Tyre Importers Association of SA (Tiasa) says this is a fresh blow to cash-strapped consumers, as it will materially impact the cost of transport, food and goods - and therefore general inflation. It is calling for the immediate reversal of this decision.
The provisional duties are effective immediately. Taxi operators will now pay 23% more for tyres, truck and logistics providers 22% more and passenger vehicle owners will now have to pay between 21% and 25% more.
Local manufacturers of tyres, Continental, Bridgestone, Goodyear and Sumitomo - collectively known as the South African Tyre Manufacturers Conference (SatMC) - applied to Itac for the imposition of substantial additional duties on passenger, taxi, bus and truck vehicle tyres imported from China.
Crippling impact
Charl de Villiers, chairperson of Tiasa, says it's not difficult to see how crippling the impact of these duties will be on consumers.
In late August, Stats SA released the latest consumer inflation figures, which showed that annual consumer inflation reached a 13-year high, increasing to 7,8% in July, from 7,4% in June. The average food basket, according to the Pietermaritzburg Economic Justice and Dignity Group, increased by 12,6% between August 2021 and August 2022, and Eskom's tariff increase for 2022 was at 9,61%.
According to StatsSA, those using public transport saw a 9% increase in July, pushing the annual increase to 16,4%. De Villiers says while there is some good news with this month's decrease in the petrol price, tyres are the third biggest input cost in transport, after wages and fuel, and the new duties will have a knock on effect.

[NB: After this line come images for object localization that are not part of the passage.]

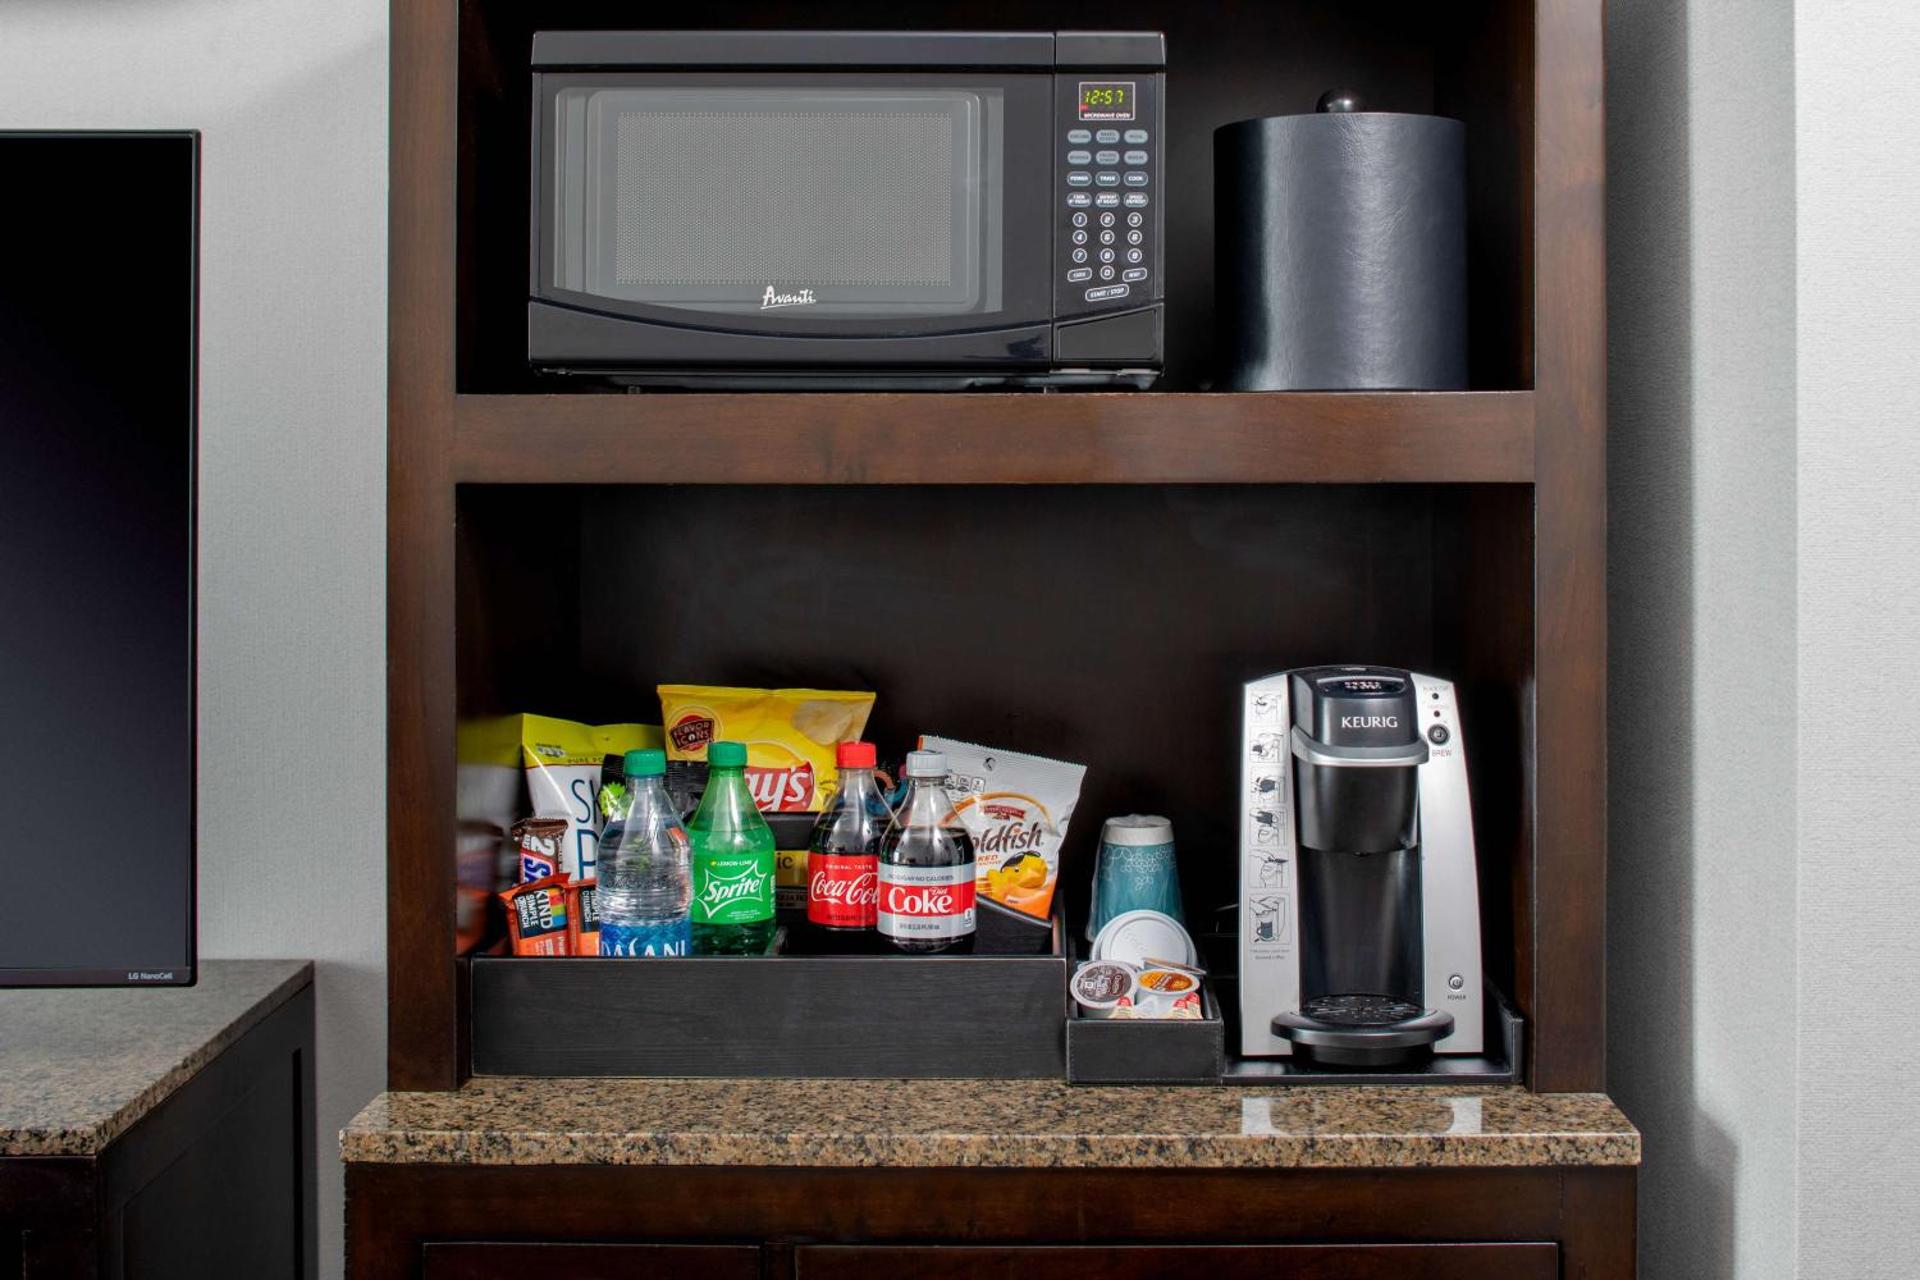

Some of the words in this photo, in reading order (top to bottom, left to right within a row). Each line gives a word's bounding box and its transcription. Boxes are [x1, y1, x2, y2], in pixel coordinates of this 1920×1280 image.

[1084, 89, 1125, 104] 12:57
[1077, 233, 1084, 241] 4
[1076, 251, 1084, 260] 7
[761, 285, 817, 308] Avanti
[674, 721, 711, 737] FLAVOR
[1341, 716, 1398, 728] KEURIG
[1431, 749, 1453, 757] BREW
[744, 766, 810, 812] ay's
[972, 822, 1042, 853] oldfish
[977, 855, 999, 863] KED
[704, 875, 761, 903] Sprite
[811, 871, 878, 905] Coca-Col
[525, 895, 540, 928] SIMPLE
[536, 889, 554, 930] KIND
[887, 886, 954, 914] Coke
[516, 895, 531, 929] CRUNCH
[128, 972, 139, 980] LG
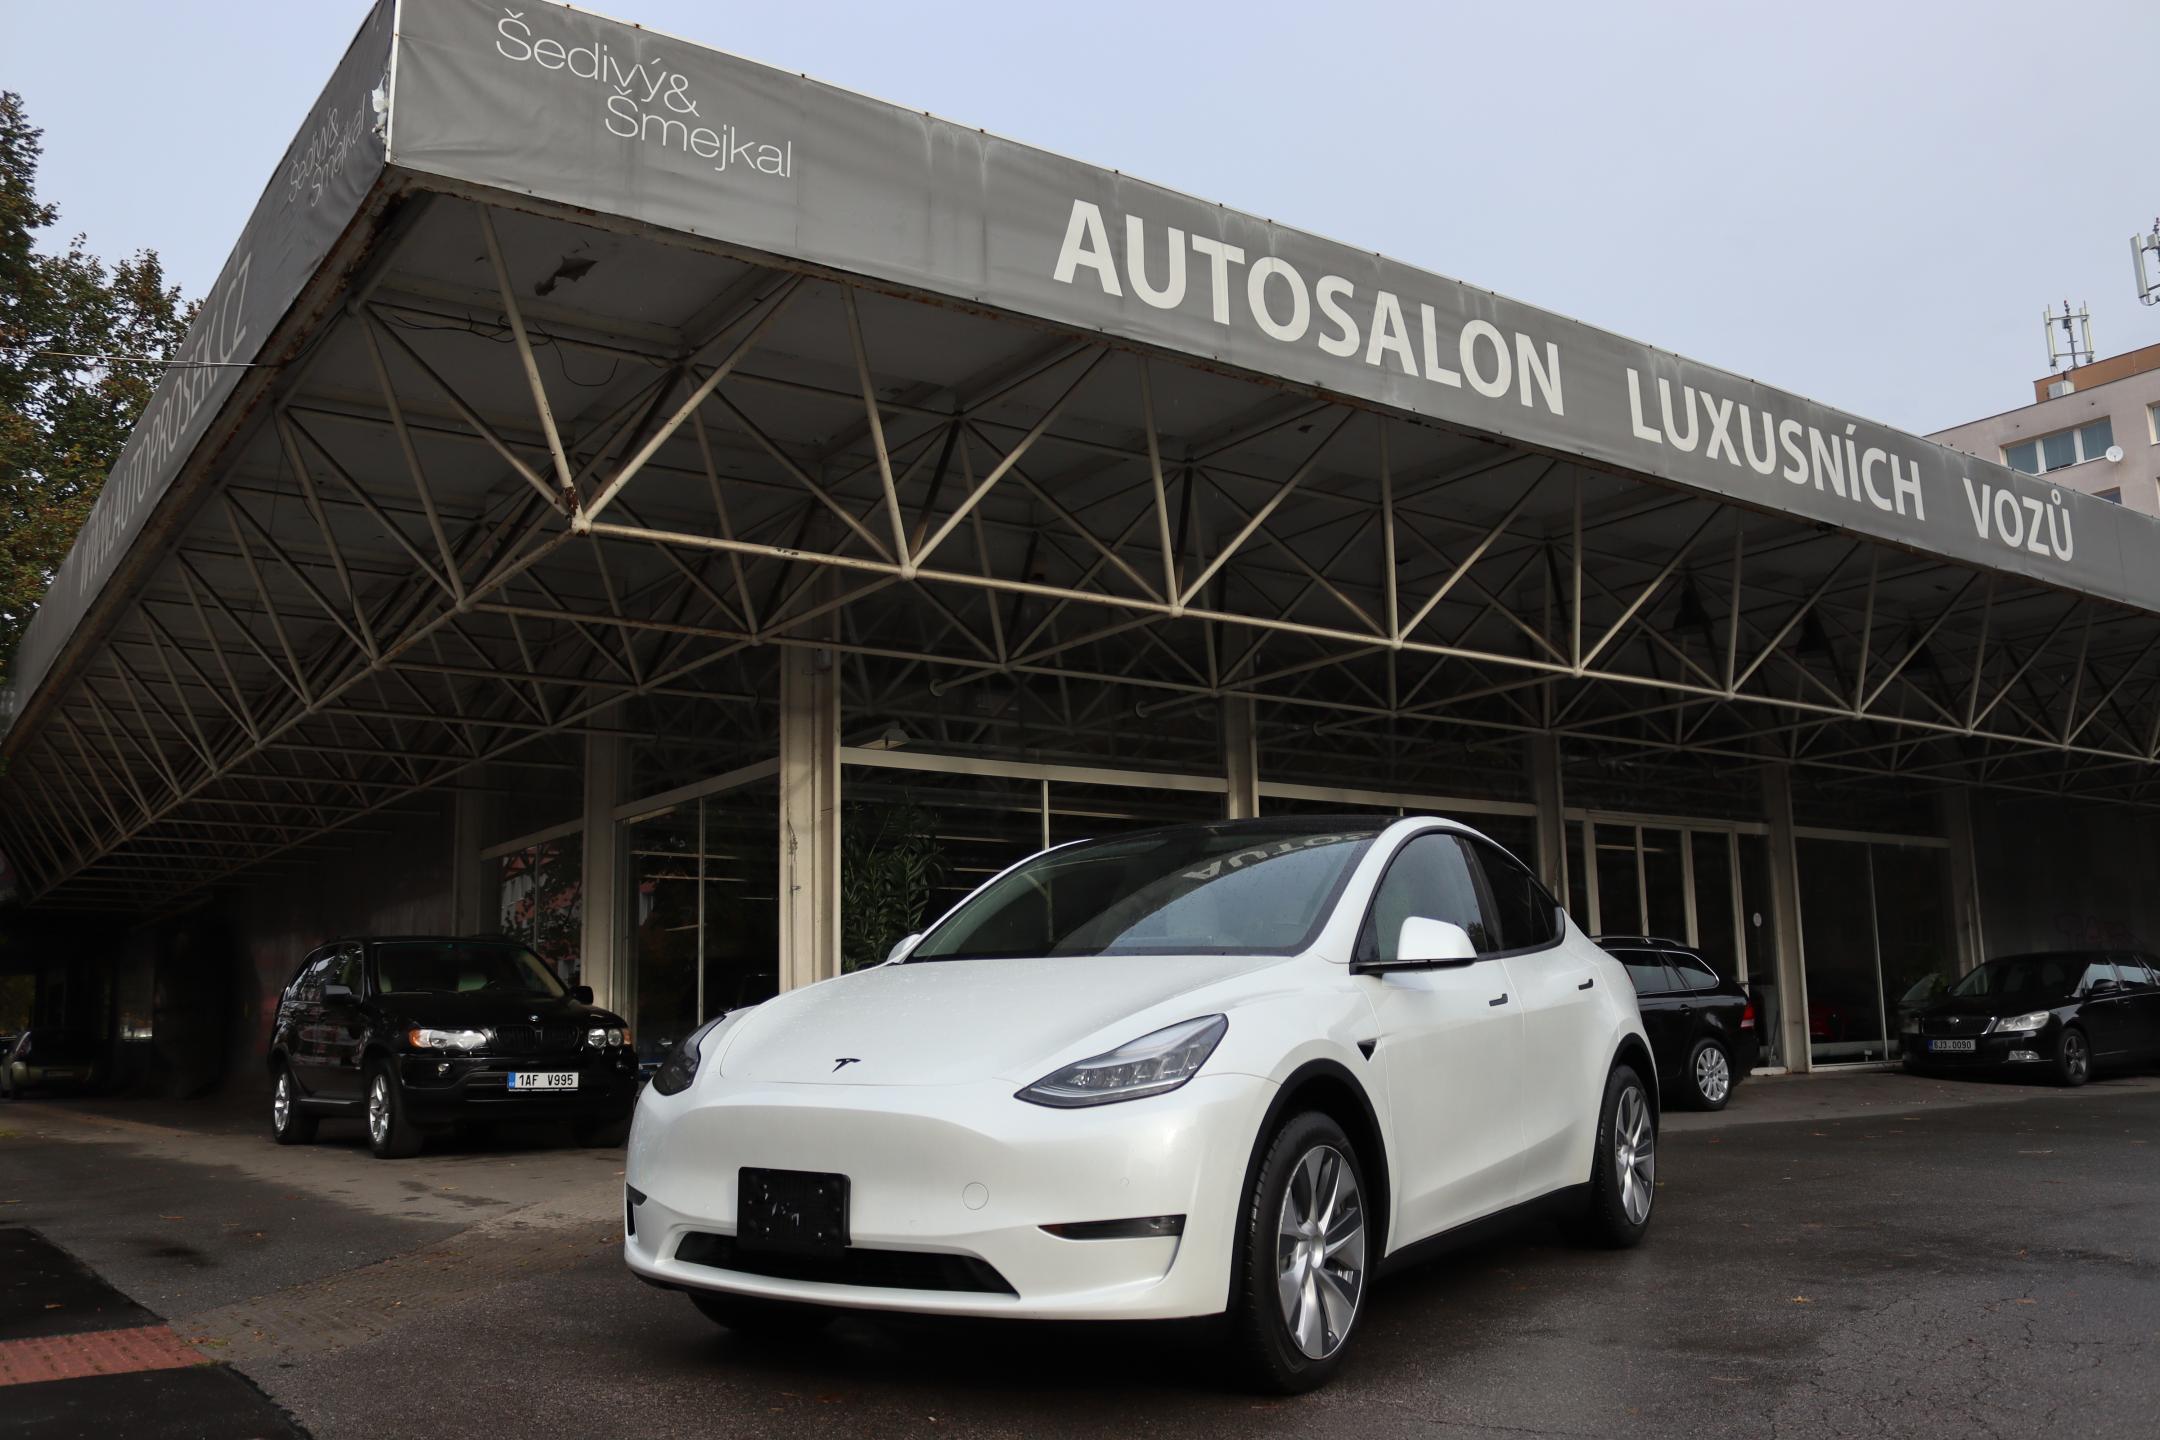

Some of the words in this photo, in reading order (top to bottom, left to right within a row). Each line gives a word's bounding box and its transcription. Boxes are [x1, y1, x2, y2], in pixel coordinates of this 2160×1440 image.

"Government's rationale for the imposition of duties is ostensibly to help protect local manufacturers, but in the case of tyres, the local manufacturers themselves are having to import the vast majority (80%) of the over 3 000 different models of tyre ranges they sell. They have to do this because it is not cost- effective to set up production lines for that many models within one plant," he says.
Every job valuable
"SatMC members have said that they need the additional duties to protect jobs. According to them, they employ 6 000 direct workers and support 19 000 indirect jobs. Tiasa members, which are all South African wholesale companies, many of which have been in business for two or three generations, employ a collective 3 000 people directly, and support at least 55% of those 19 000 indirect jobs claimed by SatMC.
"The point is that every single job sustained in our country is valuable. The additional duties will push many of these companies out of business, destroy jobs, add an excruciating financial burden on every motorist in the country, every bus company, every taxi owner and every commuter.
"For too long now, trade policy decision makers have had a myopic view on tariffs and duty impositions without taking into consideration the broader economic landscape at the time of these applications, or the impact that it will have on our country's people. It is high time this changes," says De Villiers.